WHAT YOU ARE ASKED TO DO:
Write the listing out again in full. Every character must match.
DATA TO EXAMINE Block Start
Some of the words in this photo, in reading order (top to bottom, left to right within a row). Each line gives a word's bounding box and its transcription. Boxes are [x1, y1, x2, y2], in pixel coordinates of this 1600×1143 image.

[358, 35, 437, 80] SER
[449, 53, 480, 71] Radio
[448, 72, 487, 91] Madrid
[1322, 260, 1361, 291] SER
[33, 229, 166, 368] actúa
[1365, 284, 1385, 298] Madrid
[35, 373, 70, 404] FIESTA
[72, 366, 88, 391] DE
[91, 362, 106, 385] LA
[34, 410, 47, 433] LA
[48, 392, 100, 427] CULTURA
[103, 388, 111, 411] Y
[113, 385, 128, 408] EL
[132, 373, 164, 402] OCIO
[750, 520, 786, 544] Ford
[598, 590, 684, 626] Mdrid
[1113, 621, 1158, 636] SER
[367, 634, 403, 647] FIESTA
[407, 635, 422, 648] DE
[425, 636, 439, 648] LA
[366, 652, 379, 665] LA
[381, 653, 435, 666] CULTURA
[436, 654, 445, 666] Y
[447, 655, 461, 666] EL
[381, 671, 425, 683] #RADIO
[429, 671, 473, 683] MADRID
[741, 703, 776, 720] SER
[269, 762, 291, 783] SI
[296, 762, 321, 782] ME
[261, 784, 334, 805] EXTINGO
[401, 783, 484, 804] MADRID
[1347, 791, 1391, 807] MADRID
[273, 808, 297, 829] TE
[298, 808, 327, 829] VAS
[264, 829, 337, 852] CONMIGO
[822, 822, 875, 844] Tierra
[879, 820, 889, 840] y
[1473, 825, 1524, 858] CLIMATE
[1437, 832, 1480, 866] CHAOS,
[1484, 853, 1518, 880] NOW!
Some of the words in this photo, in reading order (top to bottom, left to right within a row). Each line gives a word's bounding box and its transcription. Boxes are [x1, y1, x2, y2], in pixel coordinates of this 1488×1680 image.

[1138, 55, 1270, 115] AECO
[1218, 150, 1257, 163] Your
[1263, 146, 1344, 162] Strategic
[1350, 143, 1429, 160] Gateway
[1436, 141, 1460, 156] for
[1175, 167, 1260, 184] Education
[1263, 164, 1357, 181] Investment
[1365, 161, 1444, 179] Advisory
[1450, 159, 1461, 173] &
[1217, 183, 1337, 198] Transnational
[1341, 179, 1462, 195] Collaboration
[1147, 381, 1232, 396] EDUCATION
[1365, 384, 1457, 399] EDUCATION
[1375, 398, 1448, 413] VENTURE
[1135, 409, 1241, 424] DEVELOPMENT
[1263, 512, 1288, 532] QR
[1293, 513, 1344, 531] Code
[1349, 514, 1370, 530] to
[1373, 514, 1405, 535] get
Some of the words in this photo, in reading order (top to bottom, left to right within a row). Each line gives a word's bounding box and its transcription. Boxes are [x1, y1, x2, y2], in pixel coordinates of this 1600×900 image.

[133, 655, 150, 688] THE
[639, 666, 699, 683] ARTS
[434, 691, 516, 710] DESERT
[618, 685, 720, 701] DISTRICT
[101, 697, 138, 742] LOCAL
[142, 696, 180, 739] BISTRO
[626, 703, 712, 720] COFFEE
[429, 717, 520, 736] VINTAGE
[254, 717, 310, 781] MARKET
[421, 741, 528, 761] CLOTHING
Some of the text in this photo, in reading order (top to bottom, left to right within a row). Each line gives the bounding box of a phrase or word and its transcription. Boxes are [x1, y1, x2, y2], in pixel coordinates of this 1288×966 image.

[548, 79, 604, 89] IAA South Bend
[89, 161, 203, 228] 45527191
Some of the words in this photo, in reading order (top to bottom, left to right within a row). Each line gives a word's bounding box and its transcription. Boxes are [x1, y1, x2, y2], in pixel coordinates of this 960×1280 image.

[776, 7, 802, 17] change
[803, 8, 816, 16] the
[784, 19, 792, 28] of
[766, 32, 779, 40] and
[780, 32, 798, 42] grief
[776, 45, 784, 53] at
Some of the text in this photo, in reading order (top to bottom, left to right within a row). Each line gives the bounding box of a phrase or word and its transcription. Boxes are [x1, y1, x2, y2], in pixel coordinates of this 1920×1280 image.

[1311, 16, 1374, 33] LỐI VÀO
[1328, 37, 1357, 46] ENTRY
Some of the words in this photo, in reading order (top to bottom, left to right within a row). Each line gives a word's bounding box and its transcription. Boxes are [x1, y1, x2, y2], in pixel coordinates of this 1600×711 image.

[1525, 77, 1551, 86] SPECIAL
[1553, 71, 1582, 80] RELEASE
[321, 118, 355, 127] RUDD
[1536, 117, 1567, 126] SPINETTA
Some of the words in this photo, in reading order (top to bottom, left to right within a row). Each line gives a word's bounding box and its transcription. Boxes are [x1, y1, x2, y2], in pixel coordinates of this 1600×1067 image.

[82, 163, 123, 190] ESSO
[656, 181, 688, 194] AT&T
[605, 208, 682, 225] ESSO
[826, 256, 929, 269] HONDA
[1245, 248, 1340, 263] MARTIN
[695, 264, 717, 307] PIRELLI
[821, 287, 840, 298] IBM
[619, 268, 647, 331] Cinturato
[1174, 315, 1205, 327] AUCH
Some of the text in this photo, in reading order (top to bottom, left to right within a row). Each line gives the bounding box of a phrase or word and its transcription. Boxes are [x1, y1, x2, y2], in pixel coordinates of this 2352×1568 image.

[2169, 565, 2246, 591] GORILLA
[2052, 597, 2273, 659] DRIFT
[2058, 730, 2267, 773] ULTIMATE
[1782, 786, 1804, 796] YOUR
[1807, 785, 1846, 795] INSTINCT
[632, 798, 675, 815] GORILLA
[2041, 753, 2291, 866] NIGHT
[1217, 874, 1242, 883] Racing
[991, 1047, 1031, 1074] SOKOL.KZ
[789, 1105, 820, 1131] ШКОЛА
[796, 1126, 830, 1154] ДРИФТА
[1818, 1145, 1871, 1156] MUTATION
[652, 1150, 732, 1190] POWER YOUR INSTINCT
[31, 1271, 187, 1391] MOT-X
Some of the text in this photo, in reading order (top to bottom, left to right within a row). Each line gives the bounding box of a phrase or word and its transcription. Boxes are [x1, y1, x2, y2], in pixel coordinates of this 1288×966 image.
DATA TO EXAMINE Block End
EXERCISE ANSWER:
Some of the words in this photo, in reading order (top to bottom, left to right within a row). Each line gives a word's bounding box and its transcription. Boxes are [x1, y1, x2, y2], in pixel coordinates of this 1600×1143 image.

[358, 35, 437, 80] SER
[449, 53, 480, 71] Radio
[448, 72, 487, 91] Madrid
[1322, 260, 1361, 291] SER
[33, 229, 166, 368] actúa
[1365, 284, 1385, 298] Madrid
[35, 373, 70, 404] FIESTA
[72, 366, 88, 391] DE
[91, 362, 106, 385] LA
[34, 410, 47, 433] LA
[48, 392, 100, 427] CULTURA
[103, 388, 111, 411] Y
[113, 385, 128, 408] EL
[132, 373, 164, 402] OCIO
[750, 520, 786, 544] Ford
[598, 590, 684, 626] Mdrid
[1113, 621, 1158, 636] SER
[367, 634, 403, 647] FIESTA
[407, 635, 422, 648] DE
[425, 636, 439, 648] LA
[366, 652, 379, 665] LA
[381, 653, 435, 666] CULTURA
[436, 654, 445, 666] Y
[447, 655, 461, 666] EL
[381, 671, 425, 683] #RADIO
[429, 671, 473, 683] MADRID
[741, 703, 776, 720] SER
[269, 762, 291, 783] SI
[296, 762, 321, 782] ME
[261, 784, 334, 805] EXTINGO
[401, 783, 484, 804] MADRID
[1347, 791, 1391, 807] MADRID
[273, 808, 297, 829] TE
[298, 808, 327, 829] VAS
[264, 829, 337, 852] CONMIGO
[822, 822, 875, 844] Tierra
[879, 820, 889, 840] y
[1473, 825, 1524, 858] CLIMATE
[1437, 832, 1480, 866] CHAOS,
[1484, 853, 1518, 880] NOW!
Some of the words in this photo, in reading order (top to bottom, left to right within a row). Each line gives a word's bounding box and its transcription. Boxes are [x1, y1, x2, y2], in pixel coordinates of this 1488×1680 image.

[1138, 55, 1270, 115] AECO
[1218, 150, 1257, 163] Your
[1263, 146, 1344, 162] Strategic
[1350, 143, 1429, 160] Gateway
[1436, 141, 1460, 156] for
[1175, 167, 1260, 184] Education
[1263, 164, 1357, 181] Investment
[1365, 161, 1444, 179] Advisory
[1450, 159, 1461, 173] &
[1217, 183, 1337, 198] Transnational
[1341, 179, 1462, 195] Collaboration
[1147, 381, 1232, 396] EDUCATION
[1365, 384, 1457, 399] EDUCATION
[1375, 398, 1448, 413] VENTURE
[1135, 409, 1241, 424] DEVELOPMENT
[1263, 512, 1288, 532] QR
[1293, 513, 1344, 531] Code
[1349, 514, 1370, 530] to
[1373, 514, 1405, 535] get
Some of the words in this photo, in reading order (top to bottom, left to right within a row). Each line gives a word's bounding box and its transcription. Boxes are [x1, y1, x2, y2], in pixel coordinates of this 1600×900 image.

[133, 655, 150, 688] THE
[639, 666, 699, 683] ARTS
[434, 691, 516, 710] DESERT
[618, 685, 720, 701] DISTRICT
[101, 697, 138, 742] LOCAL
[142, 696, 180, 739] BISTRO
[626, 703, 712, 720] COFFEE
[429, 717, 520, 736] VINTAGE
[254, 717, 310, 781] MARKET
[421, 741, 528, 761] CLOTHING
Some of the text in this photo, in reading order (top to bottom, left to right within a row). Each line gives the bounding box of a phrase or word and its transcription. Boxes are [x1, y1, x2, y2], in pixel coordinates of this 1288×966 image.

[548, 79, 604, 89] IAA South Bend
[89, 161, 203, 228] 45527191
Some of the words in this photo, in reading order (top to bottom, left to right within a row). Each line gives a word's bounding box and its transcription. Boxes are [x1, y1, x2, y2], in pixel coordinates of this 960×1280 image.

[776, 7, 802, 17] change
[803, 8, 816, 16] the
[784, 19, 792, 28] of
[766, 32, 779, 40] and
[780, 32, 798, 42] grief
[776, 45, 784, 53] at
Some of the text in this photo, in reading order (top to bottom, left to right within a row). Each line gives the bounding box of a phrase or word and its transcription. Boxes are [x1, y1, x2, y2], in pixel coordinates of this 1920×1280 image.

[1311, 16, 1374, 33] LỐI VÀO
[1328, 37, 1357, 46] ENTRY
Some of the words in this photo, in reading order (top to bottom, left to right within a row). Each line gives a word's bounding box and its transcription. Boxes are [x1, y1, x2, y2], in pixel coordinates of this 1600×711 image.

[1525, 77, 1551, 86] SPECIAL
[1553, 71, 1582, 80] RELEASE
[321, 118, 355, 127] RUDD
[1536, 117, 1567, 126] SPINETTA
Some of the words in this photo, in reading order (top to bottom, left to right within a row). Each line gives a word's bounding box and its transcription. Boxes are [x1, y1, x2, y2], in pixel coordinates of this 1600×1067 image.

[82, 163, 123, 190] ESSO
[656, 181, 688, 194] AT&T
[605, 208, 682, 225] ESSO
[826, 256, 929, 269] HONDA
[1245, 248, 1340, 263] MARTIN
[695, 264, 717, 307] PIRELLI
[821, 287, 840, 298] IBM
[619, 268, 647, 331] Cinturato
[1174, 315, 1205, 327] AUCH
Some of the text in this photo, in reading order (top to bottom, left to right within a row). Each line gives the bounding box of a phrase or word and its transcription. Boxes are [x1, y1, x2, y2], in pixel coordinates of this 2352×1568 image.

[2169, 565, 2246, 591] GORILLA
[2052, 597, 2273, 659] DRIFT
[2058, 730, 2267, 773] ULTIMATE
[1782, 786, 1804, 796] YOUR
[1807, 785, 1846, 795] INSTINCT
[632, 798, 675, 815] GORILLA
[2041, 753, 2291, 866] NIGHT
[1217, 874, 1242, 883] Racing
[991, 1047, 1031, 1074] SOKOL.KZ
[789, 1105, 820, 1131] ШКОЛА
[796, 1126, 830, 1154] ДРИФТА
[1818, 1145, 1871, 1156] MUTATION
[652, 1150, 732, 1190] POWER YOUR INSTINCT
[31, 1271, 187, 1391] MOT-X
Some of the text in this photo, in reading order (top to bottom, left to right within a row). Each line gives the bounding box of a phrase or word and its transcription. Boxes are [x1, y1, x2, y2], in pixel coordinates of this 1288×966 image.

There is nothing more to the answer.